06 May 2013
Mary Jo reports that Windows 8 sales are roughly on par with Windows 7 sales. Which is good news for Windows 8, because Microsoft said (at the time) that Windows 7 was the fastest selling OS to that point.
She also points out that actual usage of Win8 isn’t terribly high at this point – which isn’t at all surprising (see my blog post on if Windows 8 is a success).
The real value of the numbers just provided by Microsoft is that they are an apples to apples comparison between Win7 and Win8, and that they demonstrate that Win8 is following roughly the same track as Win7 in terms of production and sales.
That’s good news, given that Win7 is (by nearly any measure) extremely successful, and is considered by many people to be the best OS Microsoft has released. Windows 8 on an x86 machine can basically be viewed as a faster version of Windows 7, plus the ability to run WinRT apps, and so I pretty much think of Windows 8 as a slight improvement over the already excellent Windows 7.
As Mary Jo notes, we don’t know if the 100 million figure includes Windows RT. At this point I’m not sure if that really matters – at least not from a business app dev perspective. Windows RT can only run WinRT (Windows Runtime) apps, and the WinRT dev platform is too new and immature to risk targeting it when building large enterprise apps (not to mention the side-loading cost issues).
At this point most organizations appear to be building new smart client apps using WPF, and of course they continue to maintain a great many Windows Forms apps. The strength of Windows 8, as I see it, is that it remains an extremely relevant and potent business app platform via its desktop mode, which runs Win32/.NET apps at least as well as its predecessor.

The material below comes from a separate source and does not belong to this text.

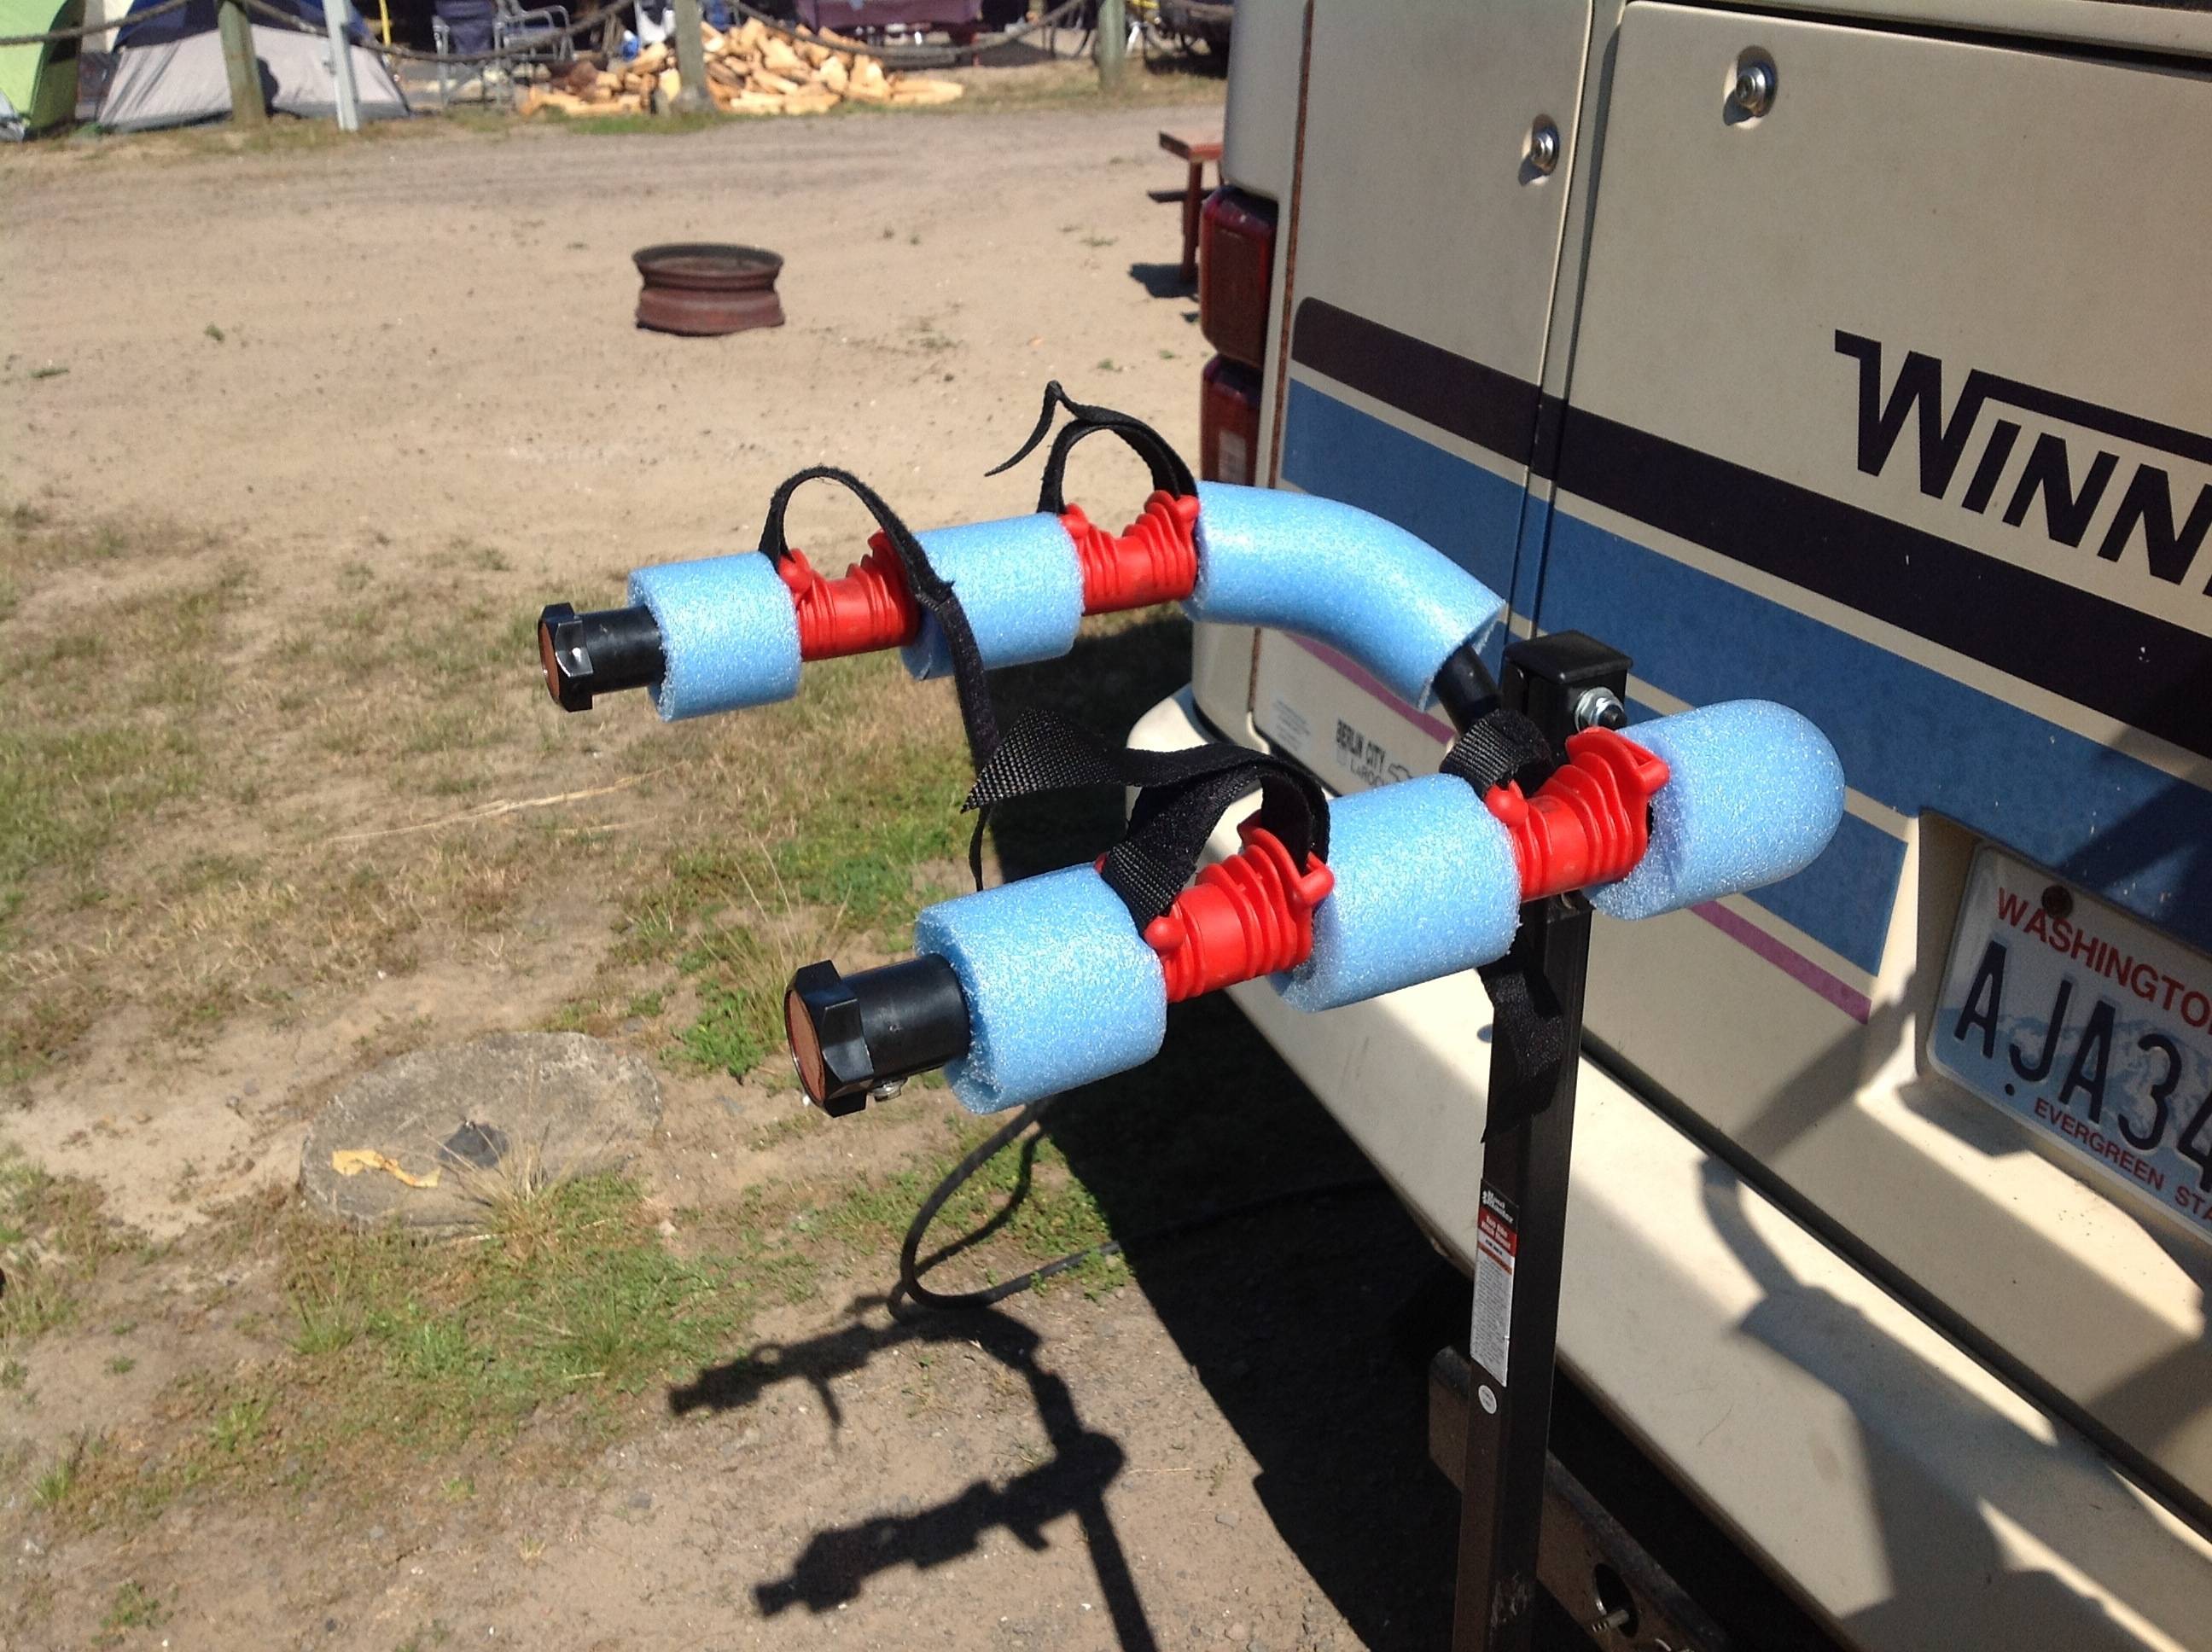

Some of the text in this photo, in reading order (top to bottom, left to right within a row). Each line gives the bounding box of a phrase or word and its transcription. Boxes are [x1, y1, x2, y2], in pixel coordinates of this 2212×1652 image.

If Microsoft resolves the side-loading cost issues so licensing and deployment becomes reasonable for small, medium, and large organizations I do think WinRT has a reasonable shot at being the successor to Win32/.NET for business developers. In another version or two it should stabilize and mature to the point that it is pretty comparable to WPF, and thus is attractive and useful to C#/XAML developers. That’ll probably take a couple years, which is also the timeframe that corporate IT groups will probably be willing to consider upgrading from Windows 7 to Windows 8.
In summary: good Windows 8 sales today means that betting on WPF for smart client development should be pretty safe, and will hopefully have a decent migration path to WinRT in 2-3 years.